Energy storage capability of seawater batteries for intermittent power generation systems: Conceptualization and modeling

• Published in: Journal of power sources Vol. 580; p. 233322
• Main Authors: Park, Sanghun, Yoon, Nakyung, Ullah, Zahid, Tarus, Bethwel Kipchirchir, Choi, Byeongwook, Kim, Hoo Hugo, Son, Moon
• Format: Journal Article
• Language: English
• Published: Elsevier B.V 01.10.2023
• Subjects: Deep learning; Energy storage; Renewable energy; Seawater battery; Deep learning; Renewable energy; Seawater battery; Energy storage
• ISSN: 0378-7753
• DOI: 10.1016/j.jpowsour.2023.233322

The use of renewable energy for power generation is increasing rapidly. However, residual electricity supplied in excess of demand is a global concern. To effectively utilize excess power, storing surplus renewable energy in energy storage systems (ESSs) is important. In this study, a seawater battery (SWB) is proposed as an ESS for intermittent power resources, and its energy storage capability is evaluated.

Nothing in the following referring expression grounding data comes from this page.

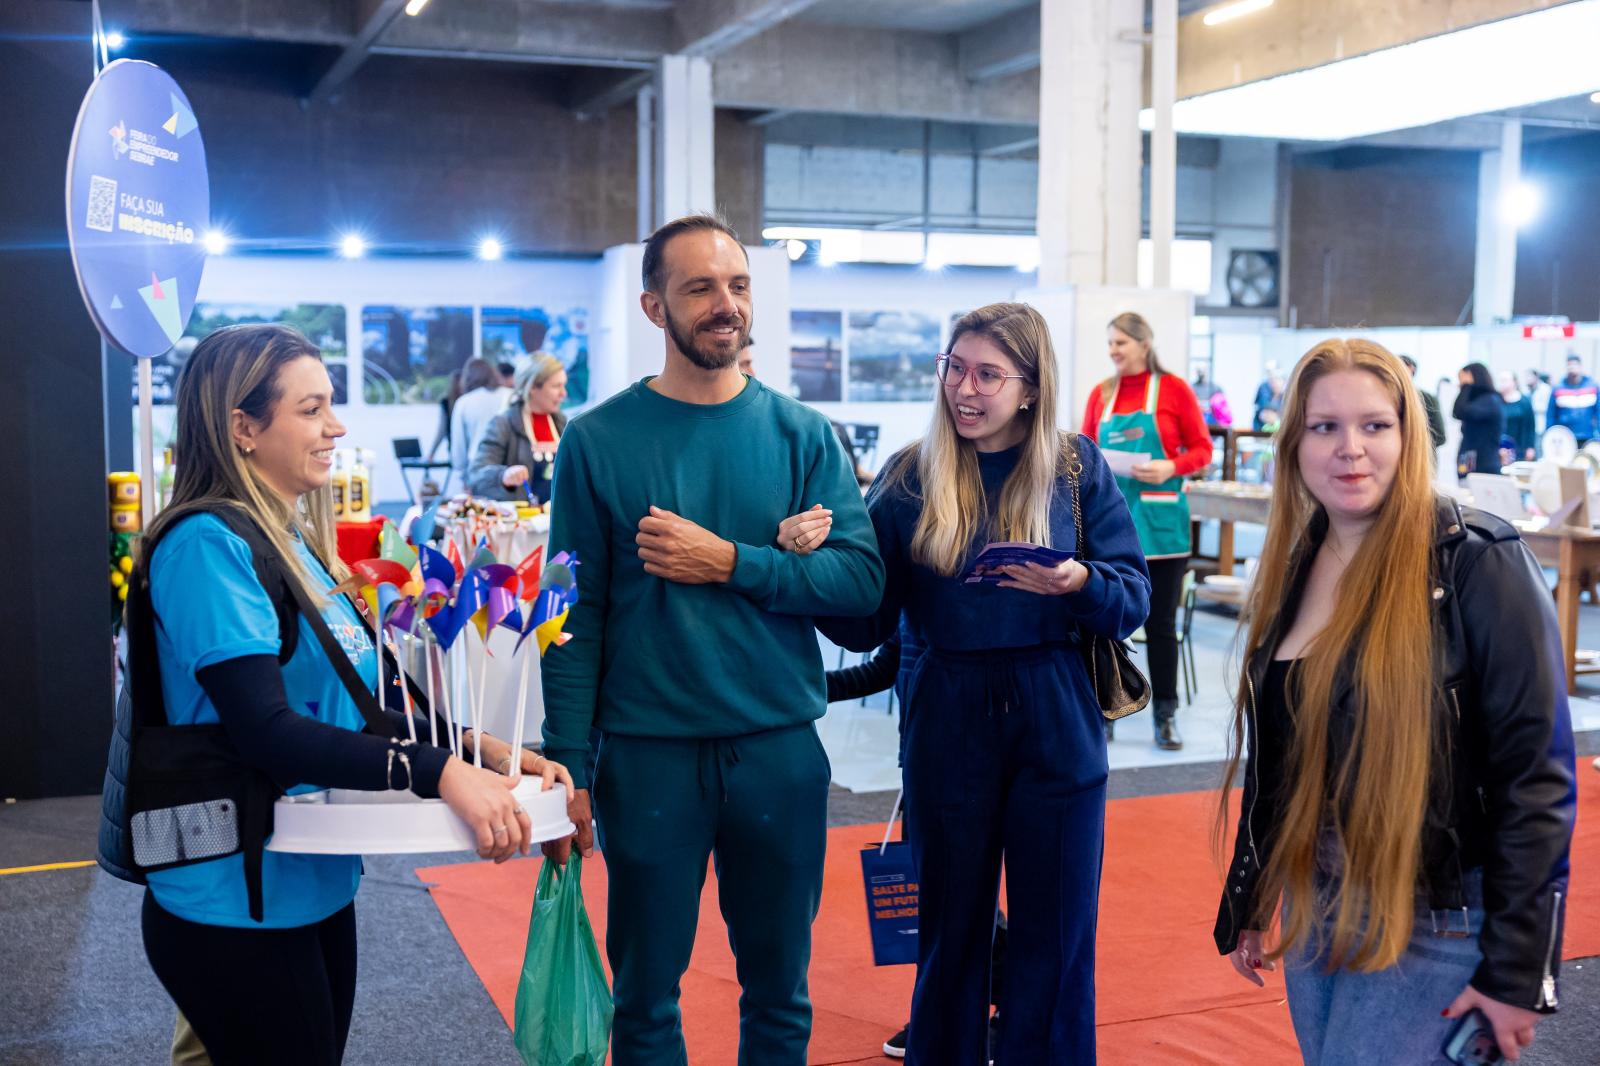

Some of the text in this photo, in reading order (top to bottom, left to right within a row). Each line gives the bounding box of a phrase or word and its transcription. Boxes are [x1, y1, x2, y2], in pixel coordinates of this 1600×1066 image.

[120, 193, 164, 217] FAÇA SUA
[873, 884, 905, 896] SALTE
[874, 898, 893, 907] UM
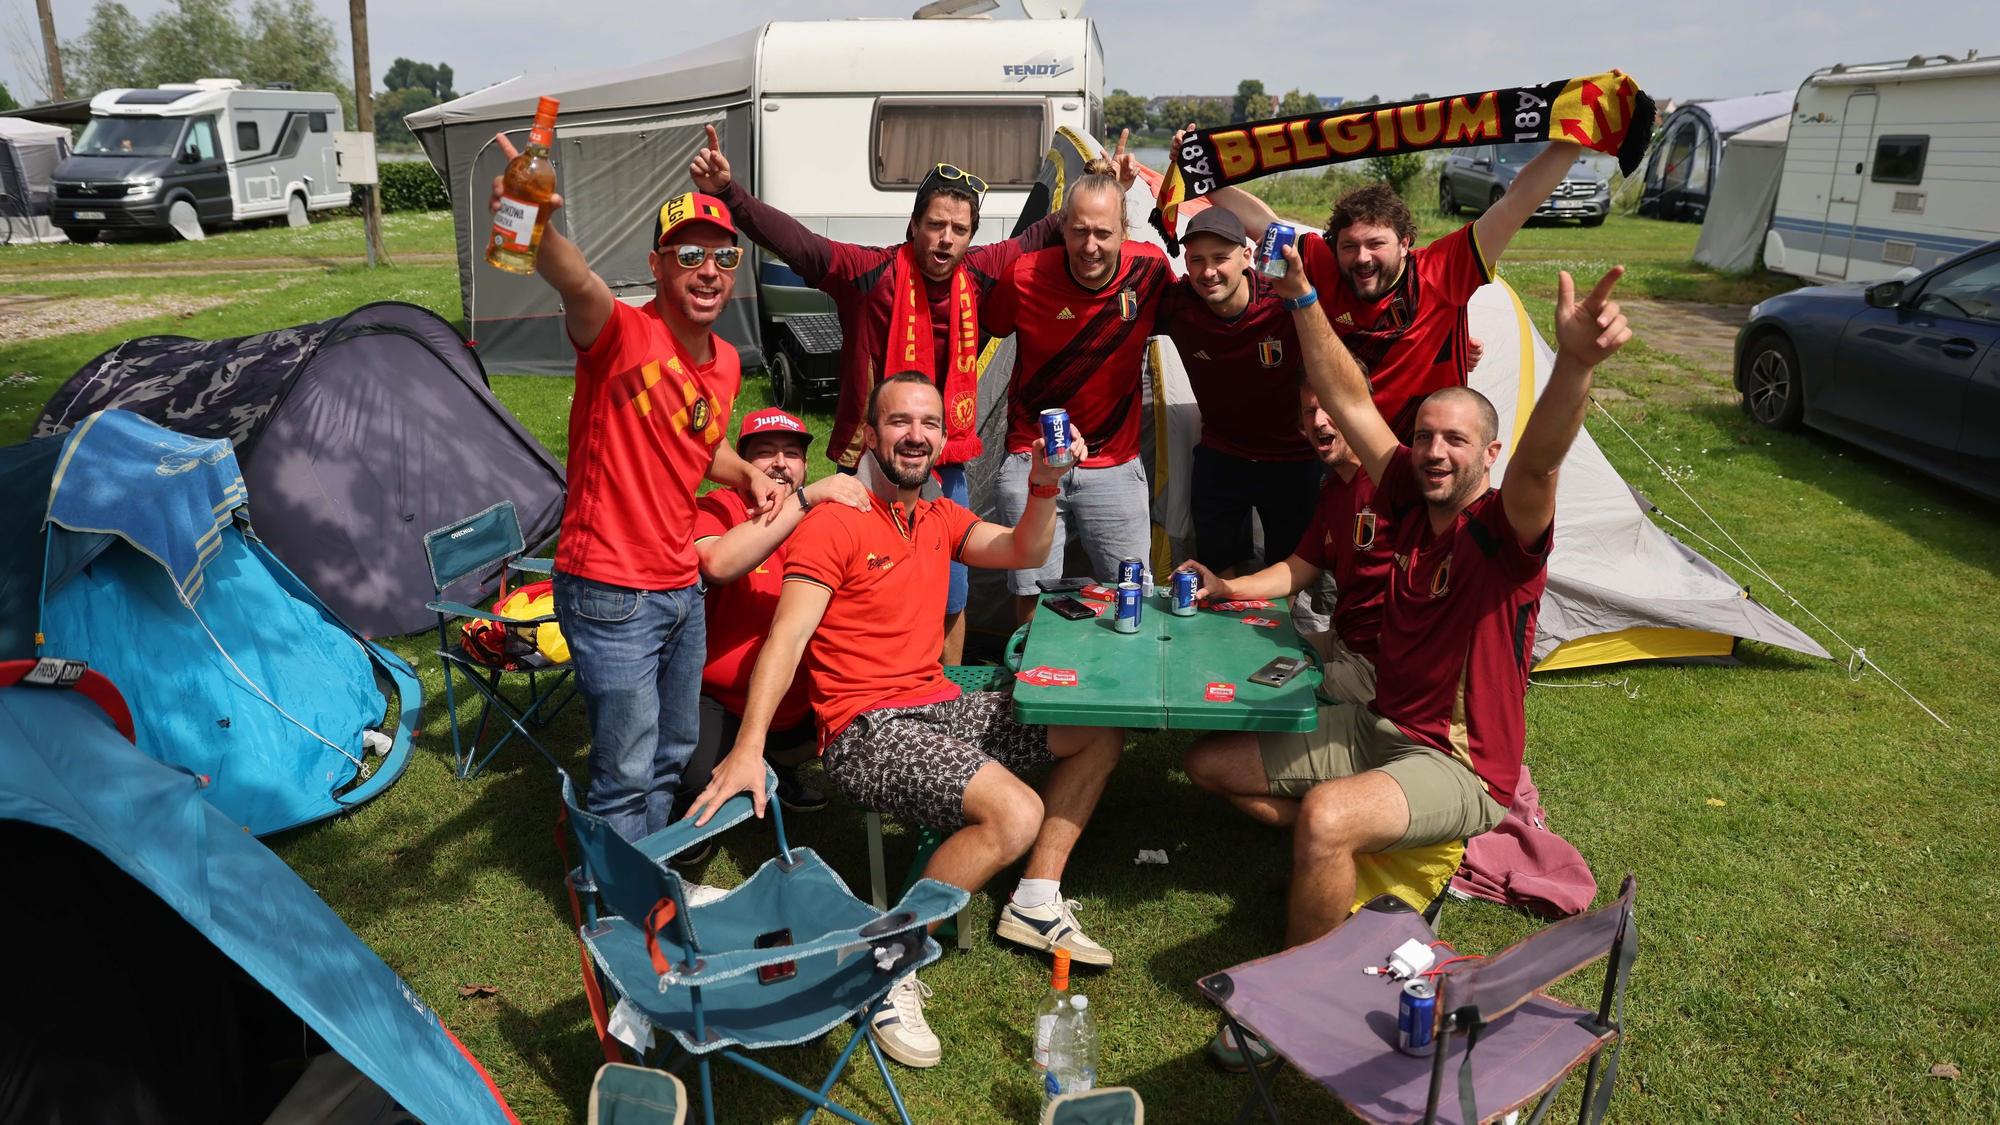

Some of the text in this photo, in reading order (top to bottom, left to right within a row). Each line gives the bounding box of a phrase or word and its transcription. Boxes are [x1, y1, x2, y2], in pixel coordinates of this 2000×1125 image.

[1003, 64, 1060, 76] FENDT
[1513, 81, 1551, 143] 189
[1209, 90, 1501, 179] BELGIUM
[1263, 226, 1278, 257] MAES
[753, 414, 800, 430] Jupiler
[1053, 418, 1065, 448] MAES
[1124, 566, 1133, 583] AES
[1190, 576, 1198, 602] MAES
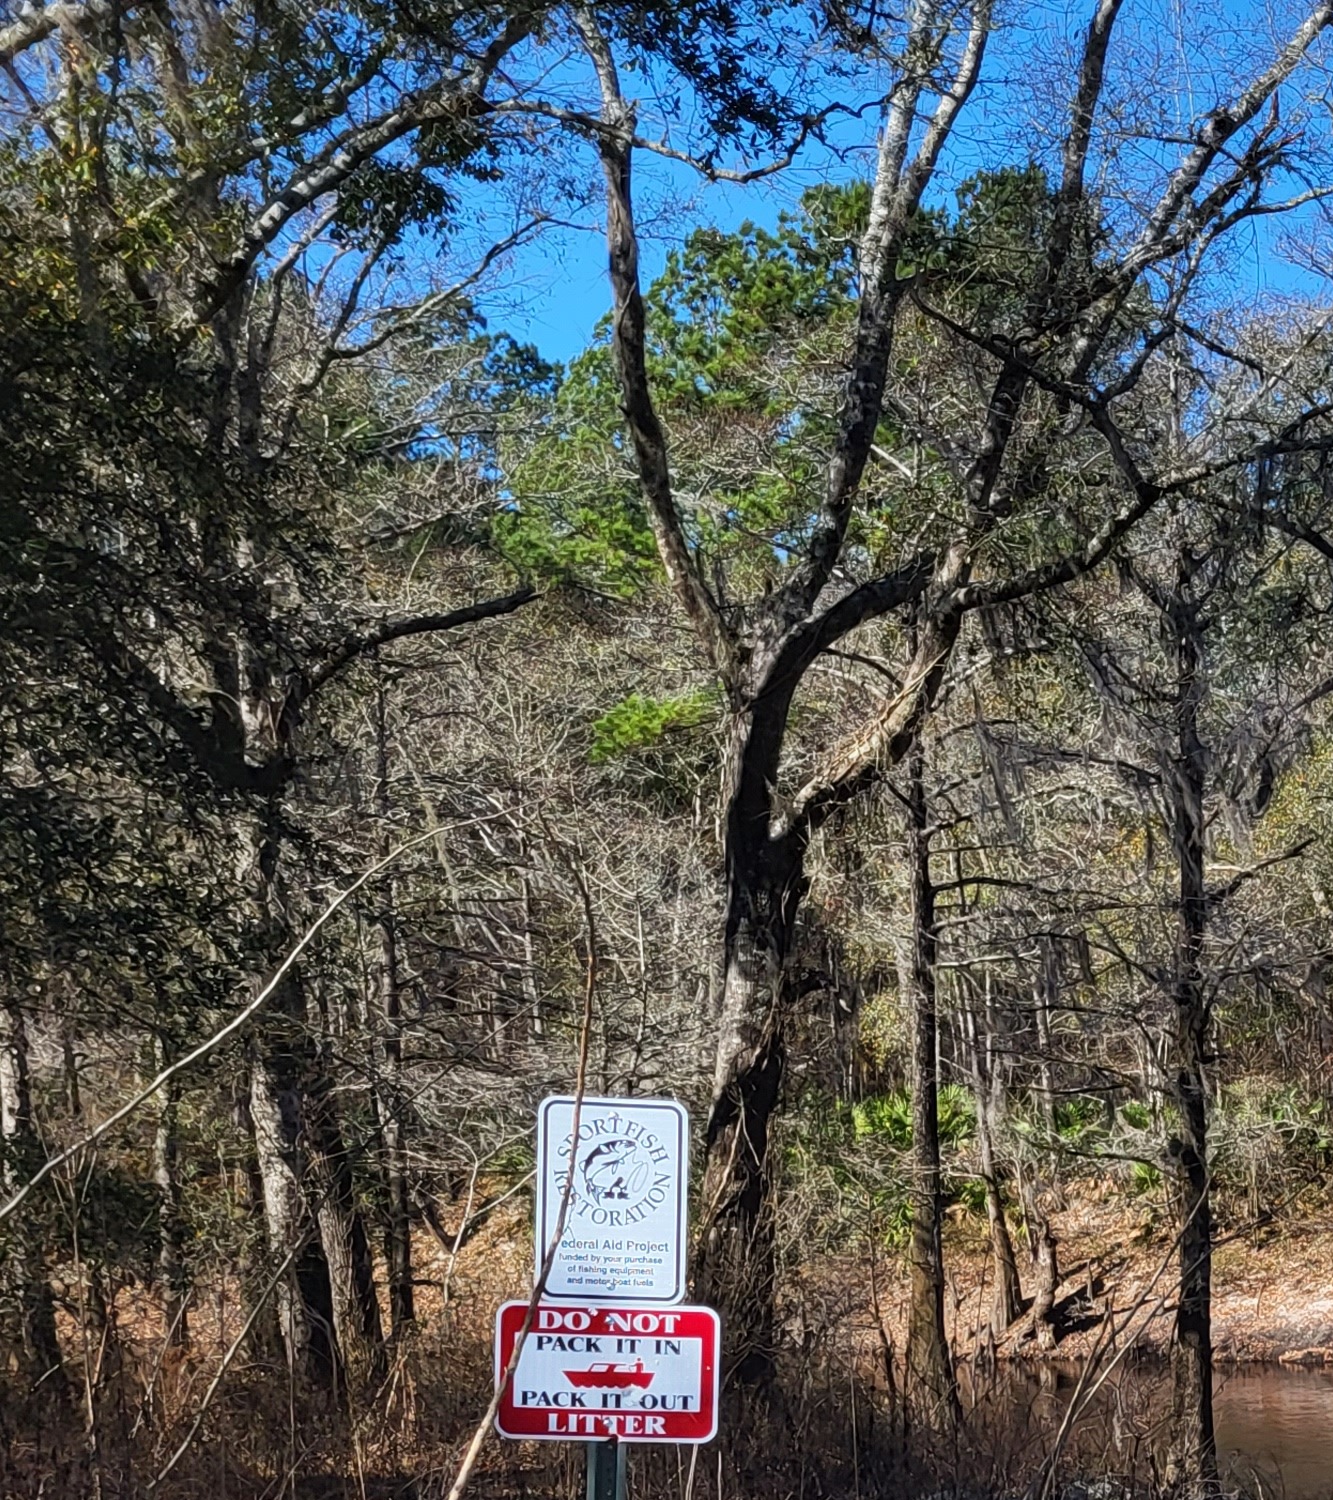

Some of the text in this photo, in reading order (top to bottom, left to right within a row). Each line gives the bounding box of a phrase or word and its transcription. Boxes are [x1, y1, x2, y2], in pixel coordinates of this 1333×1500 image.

[553, 1170, 671, 1226] RESTORATION
[561, 1239, 598, 1249] ederal
[627, 1240, 669, 1254] Project
[538, 1310, 681, 1333] DO NOT
[536, 1335, 681, 1355] PACK IT IN
[521, 1390, 694, 1410] PACK IT OUT
[548, 1413, 666, 1435] LITTER

Four charging scenarios that imitate different forms of renewable energy (constant current, solar, tidal, and wind) reveal that SWB is an efficient ESS for intermittent renewable energy sources. Scenario-dependent energy efficiency follows the order: ideal constant current (83.6%) > solar power (80.4%) > tidal power (79.6%) > wind power (79.4%). The ability of two artificial intelligence models is also tested to estimate the potential of SWBs. A novel long short-term memory model outperforms an artificial neural network model, predicting the potential of SWB with a high precision (R2 > 0.99) and an extremely low error rate (<0.18%). Therefore, the conceptualization and modeling of an SWB as an ESS may pave the way for energy storage from and management of intermittent energy sources. The scenario-based research on the energy storage capability of seawater batteries for intermittent power generation systems is experimentally demonstrated and modeled by machine learning algorithms. [Display omitted] •The capability of SWB for renewable energy storage was investigated.•Charging scenarios using solar power had the highest energy storage efficiency.•A deep learning model (LSTM) was trialed to estimate the performance of SWB.•The LSTM model outperformed a neural network in prediction accuracy (R2 > 0.99).